The conflict has killed more than 700 and caused 121,000 to flee their homes. 

SOURCES Idea Spektrum, Agencies TRANSLATOR Nicky Seadon SANAA 15 APRIL 2015 10:33 h GMT+1
refugees in Yemen Refugees in Yemen. / AFP

The tiny Christian minority in Yemen has to suffer in the midst of battles similar to civil war, as does the Muslim population.
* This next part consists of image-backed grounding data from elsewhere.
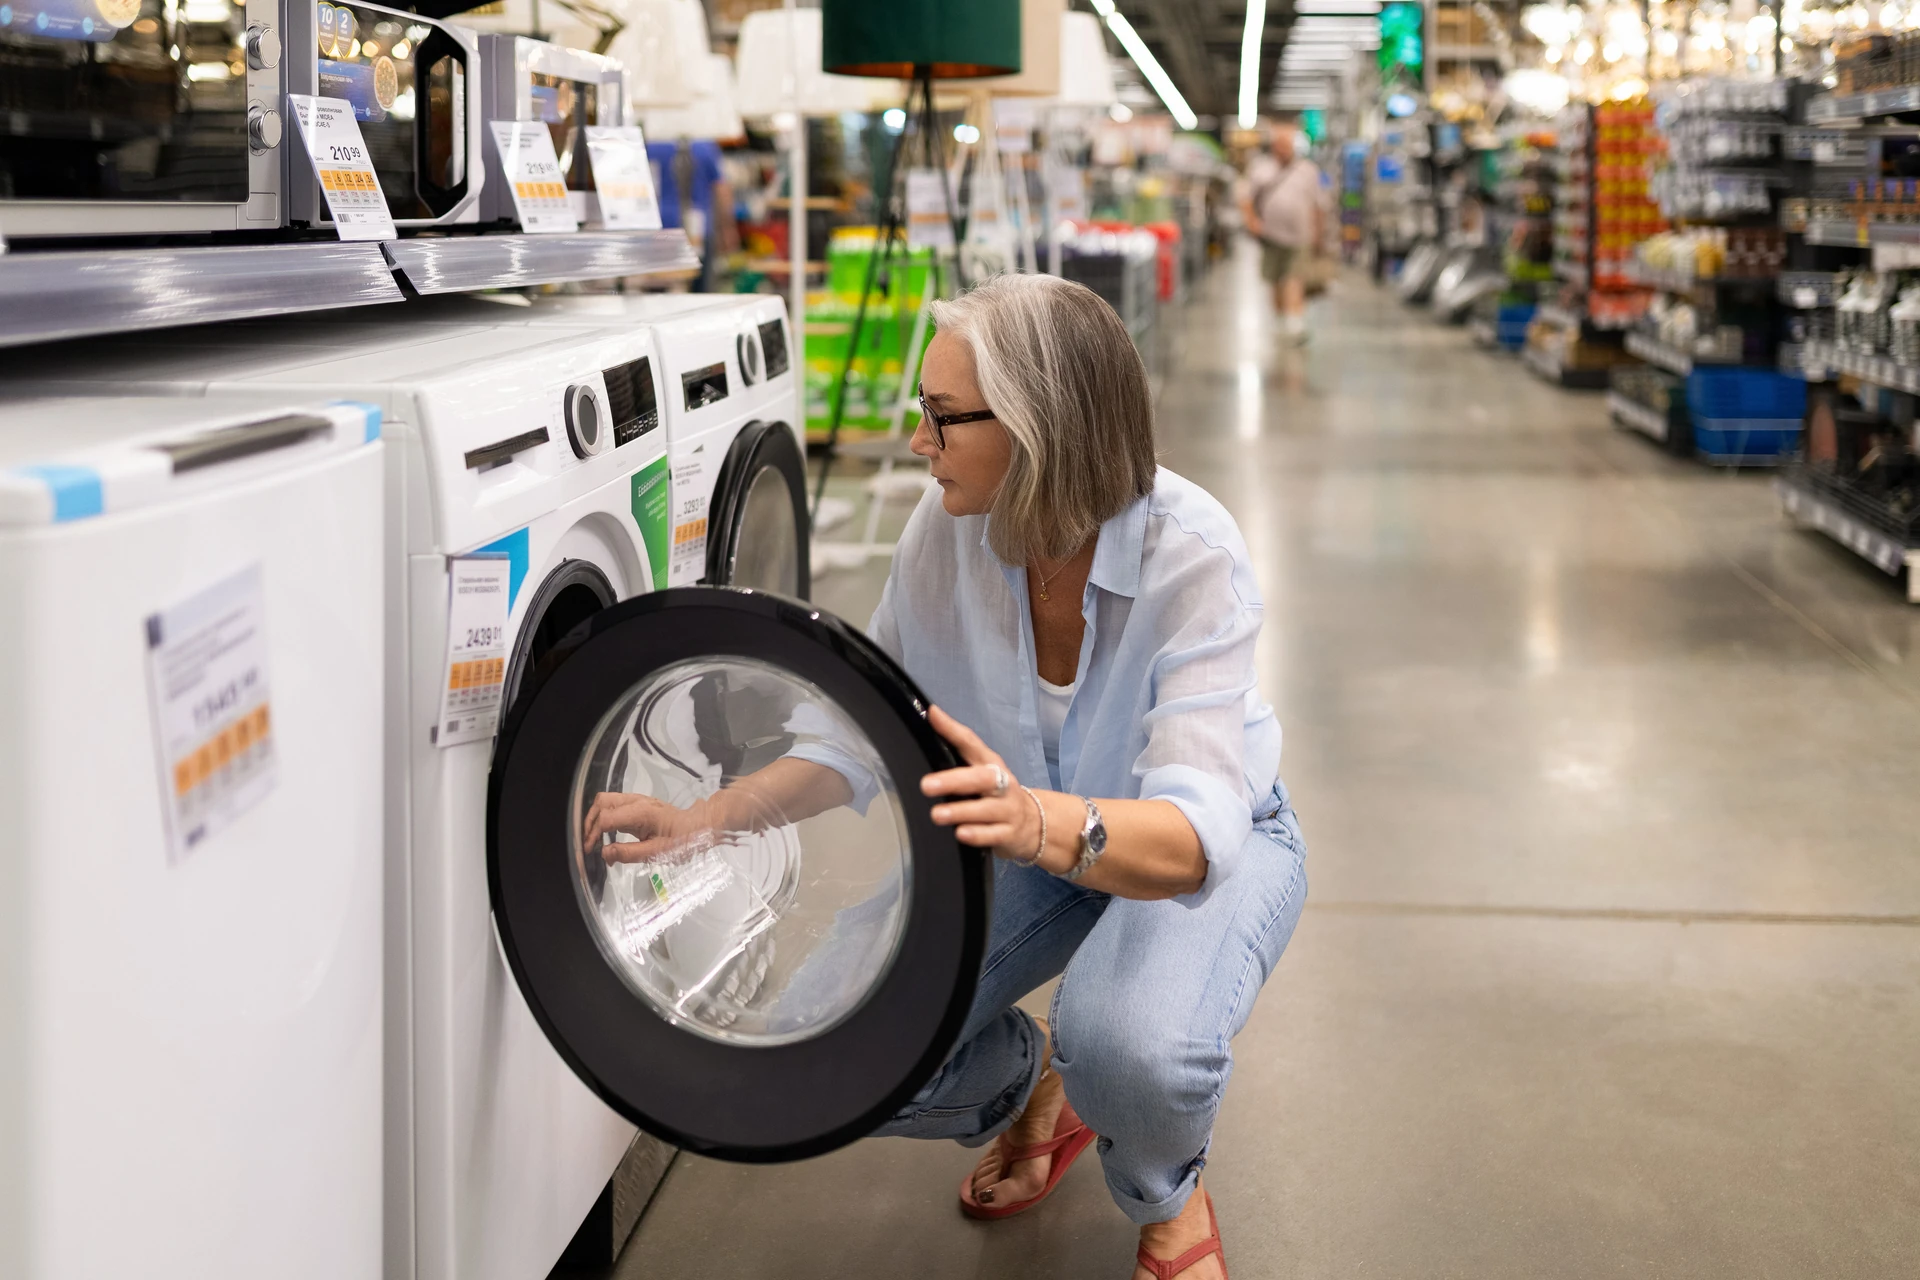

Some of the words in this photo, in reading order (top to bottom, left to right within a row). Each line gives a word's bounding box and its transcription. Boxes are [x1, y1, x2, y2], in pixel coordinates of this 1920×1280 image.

[321, 7, 333, 25] 10
[340, 12, 348, 29] 2
[329, 145, 351, 161] 210
[350, 146, 361, 158] 99
[355, 174, 364, 183] 24
[365, 174, 374, 184] 36
[683, 497, 700, 515] 3293
[466, 627, 492, 648] 2439
[493, 625, 502, 640] 01
In addition, they are caught between the fronts, on the one side that of the Shiite Houthi rebels, supported by Iran, and, on the other, that of the military alliance led by Saudi Arabia, which is backing the allies of President Abdrabbuh Mansour Hadi with air strikes.

Since mid-March at least 735 people have been killed in the conflict and around 2,700 injured. About 121,000 have fled their homes, according to new United Nations informations made public yesterday.

Aid organisations are warning of a humanitarian disaster. Most of the 25.4 million inhabitants of Yemen are Muslims: of these at least 30 per cent are Shiites and the rest Sunnis.

The number of mostly foreign Christians is estimated by statisticians of religion to be just under 20,000. Islam is the state religion; evangelism amongst Muslims is forbidden. Muslims who nonetheless become Christians must live out their faith in secret.



Christians are by and large at the mercy of the conflicts between Shiites and Sunnis. They are seen as outsiders. Both sides respond to them with distrust, explains the spokesman for Voice of the Martyrs in the USA, Todd Nettleton (Bartlesville, Oklahoma), as reported by German news agency Idea.

Converts are seen as ‘apostates’ from Islam who, according to the religious law, Sharia, are threatened by severe penalties, going as far as execution. On the other hand, according to Nettleton, the internal conflicts within Islam are causing many moderate Muslims to view their religion with scepticism. As a consequence they are becoming more receptive to the Christian message.

Voice of the Martyrs supports the Christians with Bibles and other literature, but can only carry this out in secret. Similar comments were made by staff of the mission organisation of the Southern Baptists in the USA, who for security reasons do not wish to be named.

The unrest is causing many Yemenis to question what really provides stability in their lives. As a result, many have become spiritually more open, said one member of staff of the information service Mission Network News (Grand Rapids, Michigan, USA).            



In Yemen, in the past, Christian development workers have occasionally been abducted or killed. So it was that in 2009 the Hentschel family from Saxony was kidnapped along with four other Christians in the North Yemeni province of Saada, where the Hentschels worked in a government hospital.

Three of the abductees – two German nurses and a South Korean teacher – were found shot dead. In 2010 the daughters of Johannes and Sabine Hentschel, Lydia (10) and Anna (8), were able to return to their home country; however, their parents and the son Simon remained missing without trace. Last year the Ministry of Foreign Affairs informed the next of kin that the missing persons were dead.

In 2012 the US-American Christian Joel Shrum was shot dead in Taiz in broad daylight. Islamic terrorists admitted responsibility for the attack. A few days previously a female Swiss language teacher had been abducted in the port town of Hobeida.